According to the official website of the Baháʼís of Pakistan, Saʻíd Hindí was a native of Multan, in present-day Pakistan. He was one of the students of Siyyid Kazim Rashti in Iraq. Saʻíd Hindí met the Báb after He declared His mission in 1844. The Báb sent him to India to announce the news of His advent. Saʻíd Hindí reached Multan in that very year to share the Báb's message with his fellow countrymen. Sayyid Basir Hindí, one of Saʻíd Hindí's contacts and a blind man of Sufi background from the Multan area, embraced the Bábí Faith and set out on pilgrimage to Shiraz in Iran to meet the Báb.

===Mullá Maḥmud K͟hu'í===
He was killed at Battle of Fort Tabarsi.

===Mullá (ʻAbdu'l-)Jalíl Urúmí (Urdúbádí)===
He was killed at Battle of Fort Tabarsi.

===Mullá Aḥmad-i-Ibdál Marág͟hi'í===
He was killed at Battle of Fort Tabarsi.

===Mullá Báqir Tabrízí===
Mullá Báqir Tabrízí was the Thirteenth Letter of the Living. He survived all of the other Letters of the Living. He was the only Letter to embrace the Cause of Baháʼu'lláh, and remain devoted and loyal to Him.

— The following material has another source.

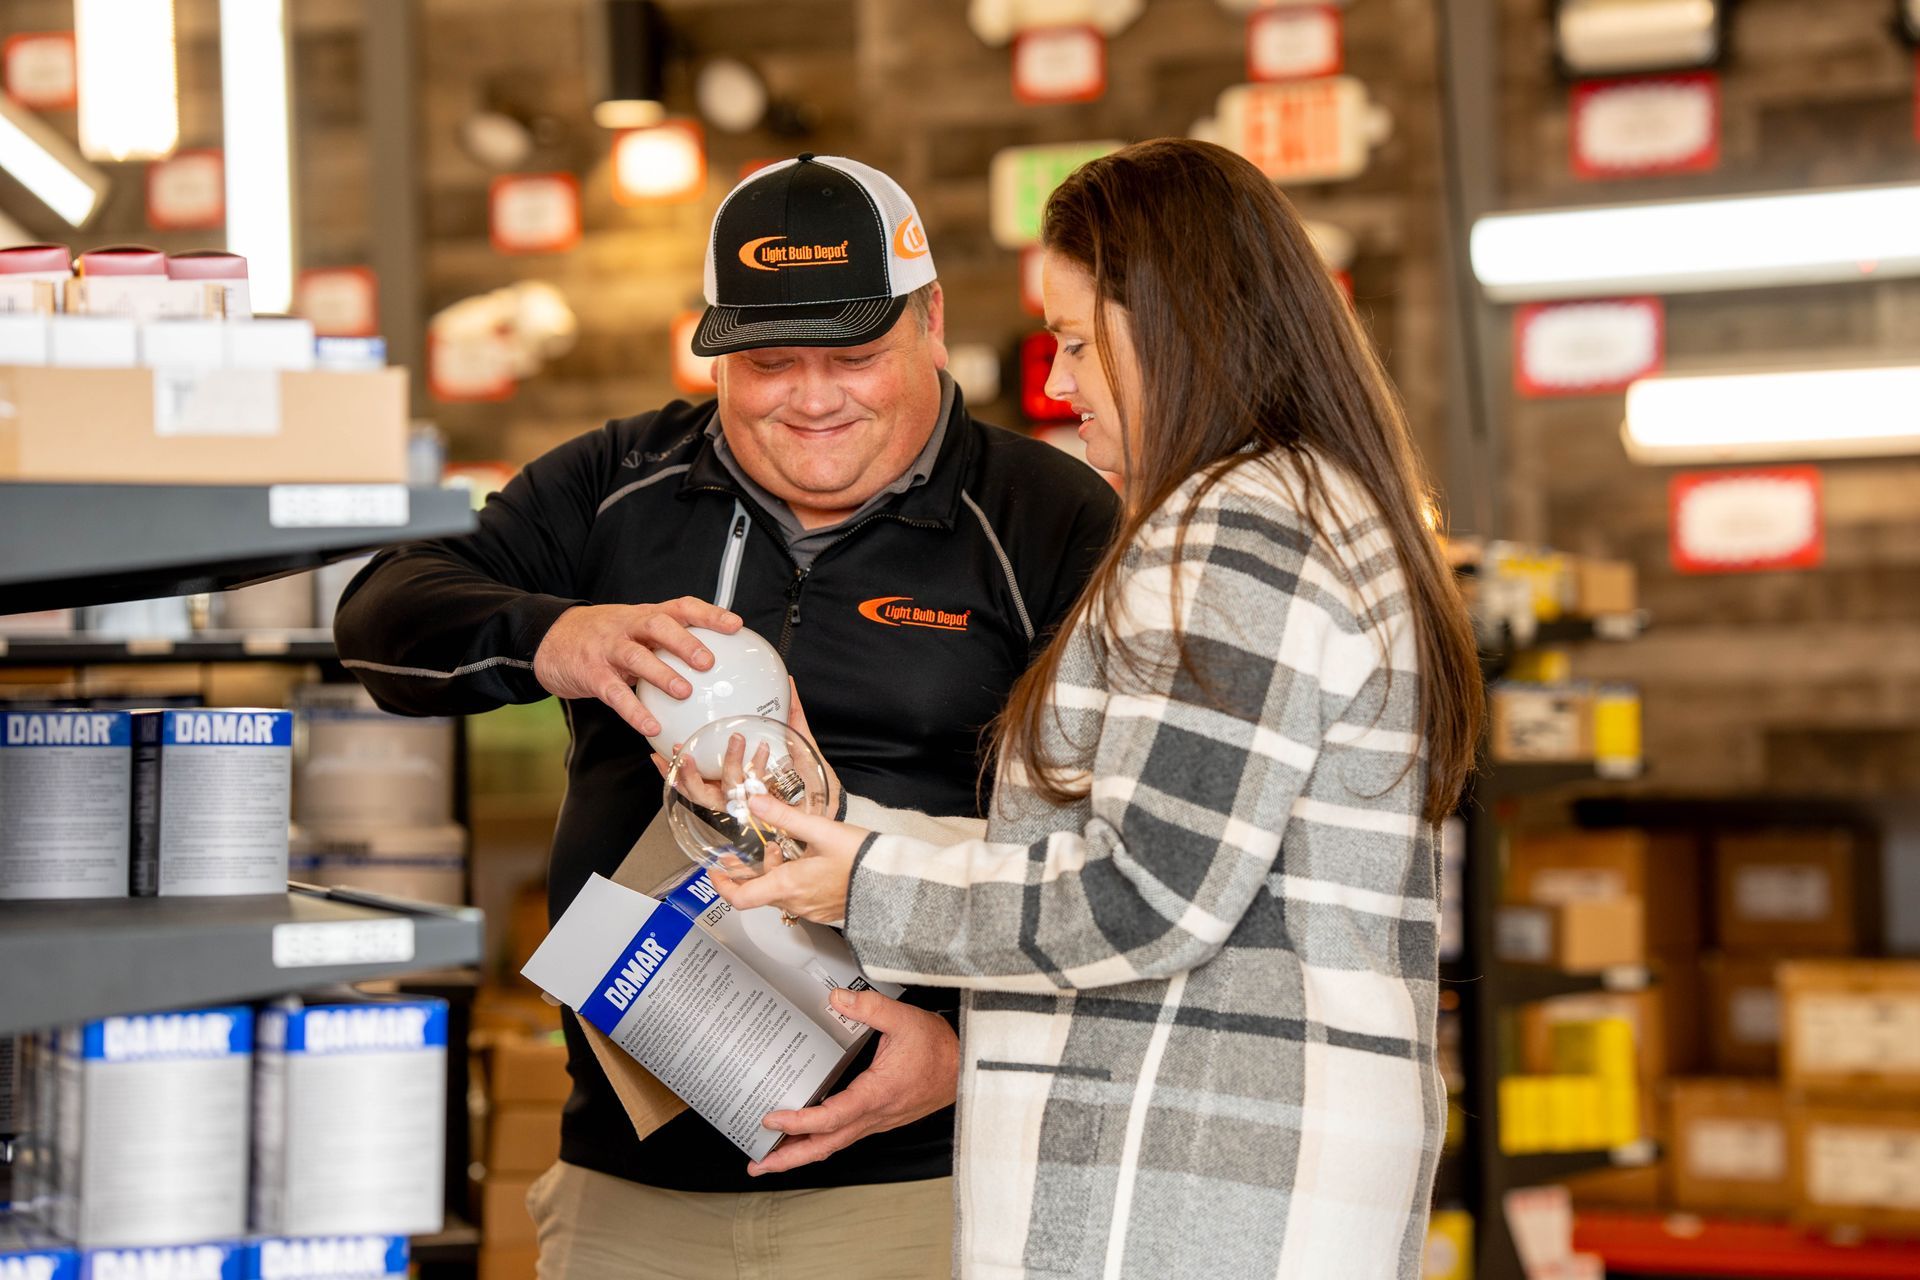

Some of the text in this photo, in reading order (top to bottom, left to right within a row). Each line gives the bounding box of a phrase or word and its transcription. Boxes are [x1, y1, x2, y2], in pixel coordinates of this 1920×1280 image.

He received a letter from the Báb saying he would attain "Him whom God shall make manifest" in the year 'eight' (1268 AH). Soon after Baháʼu'lláh's release from the Siyáh-Chál of Tehran, Mullah Baqir obtained His presence and quickly became a believer and teacher of the Cause. Most of his teaching with was based in Adhirbayjan.

He died in Istanbul in around 1881.
- A tablet written to Mullá Baqir-i-Tabrizi - Translator has included a short biographical stub

===Mullá Yúsuf Ardibílí(*)===
Mullá Yúsuf Ardibílí was the fourteenth Letter of the Living.

He was killed in the fighting at the Battle of Fort Tabarsi. Bábís consider him a martyr.
- Glossary of the Kitáb-i-Íqán - includes a small biography of Mullá Yusif-i-Ardibili

===Mullá Muḥammad-ʻAlí Qazvíní===
Ṭáhirih's brother-in-law. Killed at Battle of Fort Tabarsi.

===Quddús===

He was the eighteenth and last Letter of the Living. He was chosen by the Báb to accompany Him to pilgrimage in Mecca and Medina. And was the cousin to
the first letter of the living, Mullá Husayn.

(*) - Not included in the list provided by Qatíl which was created far earlier. He does not however provide alternatives and leaves the count at fourteen.

Although the Báb seems to have written a tablet to each of the letters, the names are not on any of them so the identities cannot be confirmed.

Of these the most distinguished are Mullá Ḥusayn, Ṭáhirih and Quddús. Ṭáhirih is singled out because she is the only woman and recognised the Báb without even meeting him. She sent a letter of belief through her brother-in-law and was sure he would find the Báb.
== Disputed Claims about Membership in Letters of the Living ==
In the introduction to A Traveller's Narrative (page xvi), Edward Granville Browne wrote that Mírzá Yaḥyá was the fourth of the Letters of the Living, and also mentioned Baháʼu'lláh as included in the group. However, this assertion was not claimed by any Baháʼí or academic sources, and Browne does not include any other details. The commonly accepted view is that Mulla Ḥusayn's brother and nephew recognised the Báb shortly after him (making them the third and fourth Letters). It is notable that Mírzá Yaḥyá would have been 12, or perhaps 13 at the declaration of the Báb.